One woman came to the party dressed in a robe and carrying a gavel. “I am a judge,” she said, “I have judged all of you.” Another came dressed as Dorothy from Kansas, with a basket of various goodies that she gathered along the Yellow Brick Road, each designed to help assuage the pain and stress in her life. Another was a man with a tool belt, determined that he could fix all that ails us. Still another came as a ninja, dressed all in black, reflecting her secretive, hidden ways in her relationships. One man didn’t dress up but came as cynical and snarky, revealing attitudes that he often kept hidden. I came dressed as a bag lady, reflecting the inner fragility I often felt even as I projected a confident, learned church lady on the outside. We shared our stories and ate and sang, clothed yet soulishly more naked. It was a picture of the hope that binds us together– we see that we all are stark need of transformation, and that our religion is never a lonely, private matter.

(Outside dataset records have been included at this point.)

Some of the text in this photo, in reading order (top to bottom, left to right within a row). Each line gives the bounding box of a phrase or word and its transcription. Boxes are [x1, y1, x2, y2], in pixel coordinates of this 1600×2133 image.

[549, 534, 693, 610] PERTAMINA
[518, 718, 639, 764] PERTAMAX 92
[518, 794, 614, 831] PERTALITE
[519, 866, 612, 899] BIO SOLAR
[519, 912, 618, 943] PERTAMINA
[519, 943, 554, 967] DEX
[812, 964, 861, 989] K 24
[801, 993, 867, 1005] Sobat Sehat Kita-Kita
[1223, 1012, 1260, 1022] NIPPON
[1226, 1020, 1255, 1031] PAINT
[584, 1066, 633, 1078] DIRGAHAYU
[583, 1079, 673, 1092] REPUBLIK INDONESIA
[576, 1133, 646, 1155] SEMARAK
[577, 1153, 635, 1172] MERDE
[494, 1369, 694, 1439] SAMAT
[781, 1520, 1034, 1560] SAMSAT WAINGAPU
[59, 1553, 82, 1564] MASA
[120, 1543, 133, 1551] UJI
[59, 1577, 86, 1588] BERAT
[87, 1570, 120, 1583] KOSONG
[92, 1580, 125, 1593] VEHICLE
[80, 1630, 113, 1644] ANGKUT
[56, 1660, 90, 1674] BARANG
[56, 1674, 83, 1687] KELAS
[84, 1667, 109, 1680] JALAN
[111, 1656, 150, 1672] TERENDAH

We partied and helped each other re-orient towards God.
And so, with confession and celebration as a response to God and our humble states, we are prepared for Ash Wednesday. Today we are painted with the ashes that remind us of our common humanity and our common end. “You are dust and to dust you shall return. Repent and believe the good news.” It is an invitation to repent, literally, to change direction. It is an invitation to stop pretending we are better than we are and just be human, for it is in that dependent, humble place that we meet God. There is something about the God who came to us dressed in our own skins, wearing a face like ours, fully human and frail, that informs our journey. It is that God that has won my heart.
As we enter into Lent, may it be a time of humble reflection. Again, it is not about groveling or deprivation. It is about shedding what is false and learning to live in our true selves. It is about being transformed to something more Real that can take in and hold the New Wine. It is about Someone who is bigger than us, who is our strength for this path that so often takes us to places that we would never expect. Maybe celebration and welcome are in and of themselves transformational.

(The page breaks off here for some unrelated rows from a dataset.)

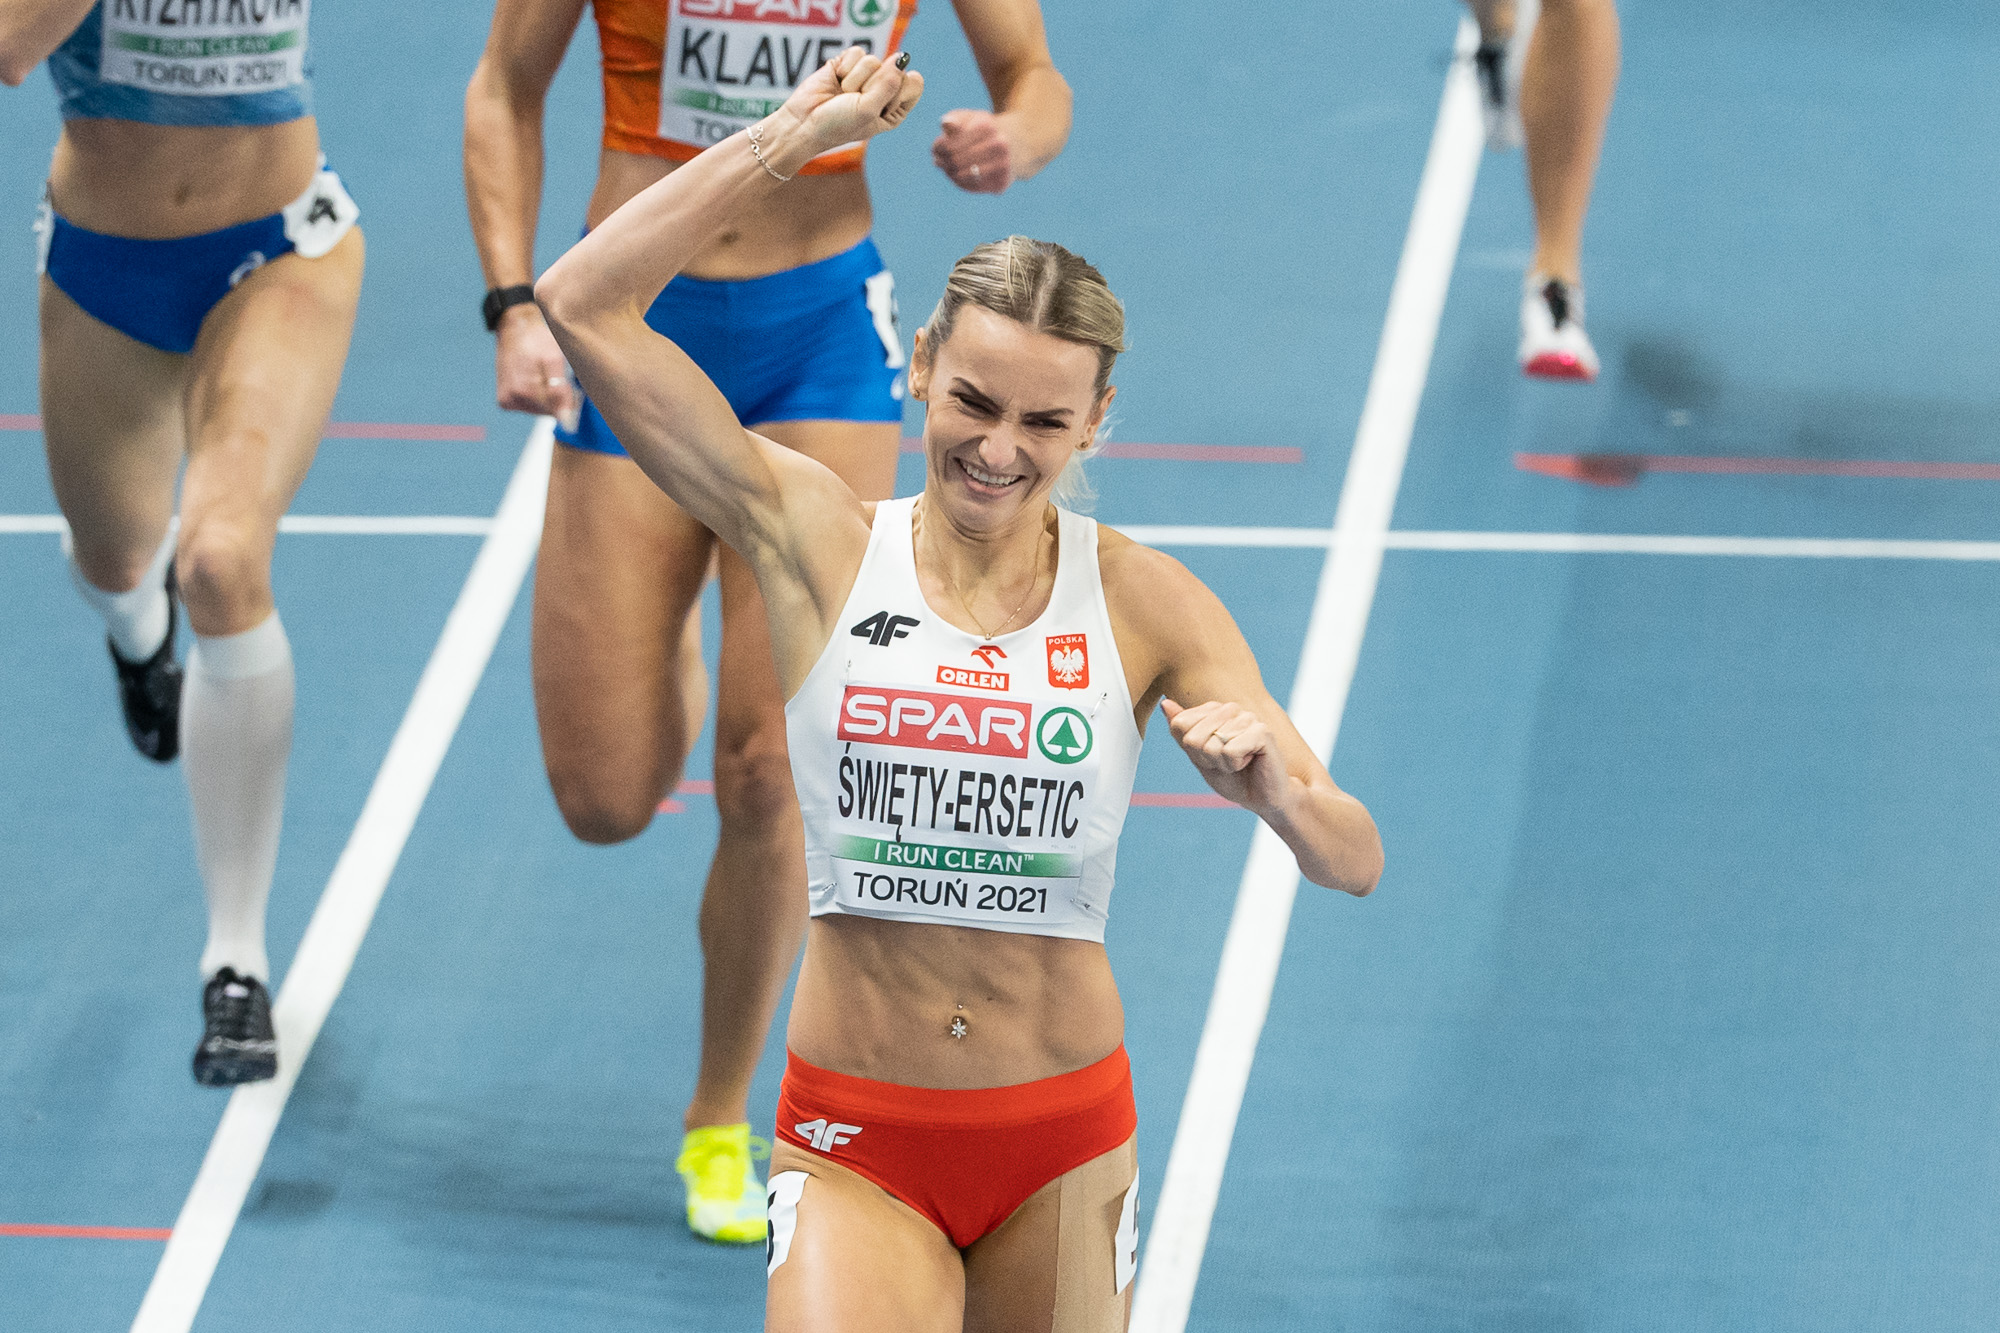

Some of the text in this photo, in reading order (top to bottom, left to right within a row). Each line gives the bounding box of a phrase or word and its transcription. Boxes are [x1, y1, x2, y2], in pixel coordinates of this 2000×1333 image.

[850, 610, 921, 647] 4F
[1048, 636, 1084, 645] POLSKA
[940, 668, 1006, 689] ORLEN
[844, 693, 1026, 750] SPAR
[838, 742, 1084, 843] ŚWIĘTY-ERSETIC
[874, 841, 881, 860] I
[886, 843, 938, 866] RUN
[853, 871, 1047, 913] TORUŃ 2021
[794, 1118, 863, 1153] 4F

It’s a real relief to admit I can’t change myself. Perhaps what we need to “give up” for Lent is the illusion that we can create ourselves. Therefore, let us re-orient towards the One who continues at all times to speak us into being. He continues to whisper about who we truly are into our ears. Sit with the joyous Lover who celebrates with us even as we are exposed as needy and false. Listen, celebrate, and be transformed. Party well. Repent and believe the GOOD News.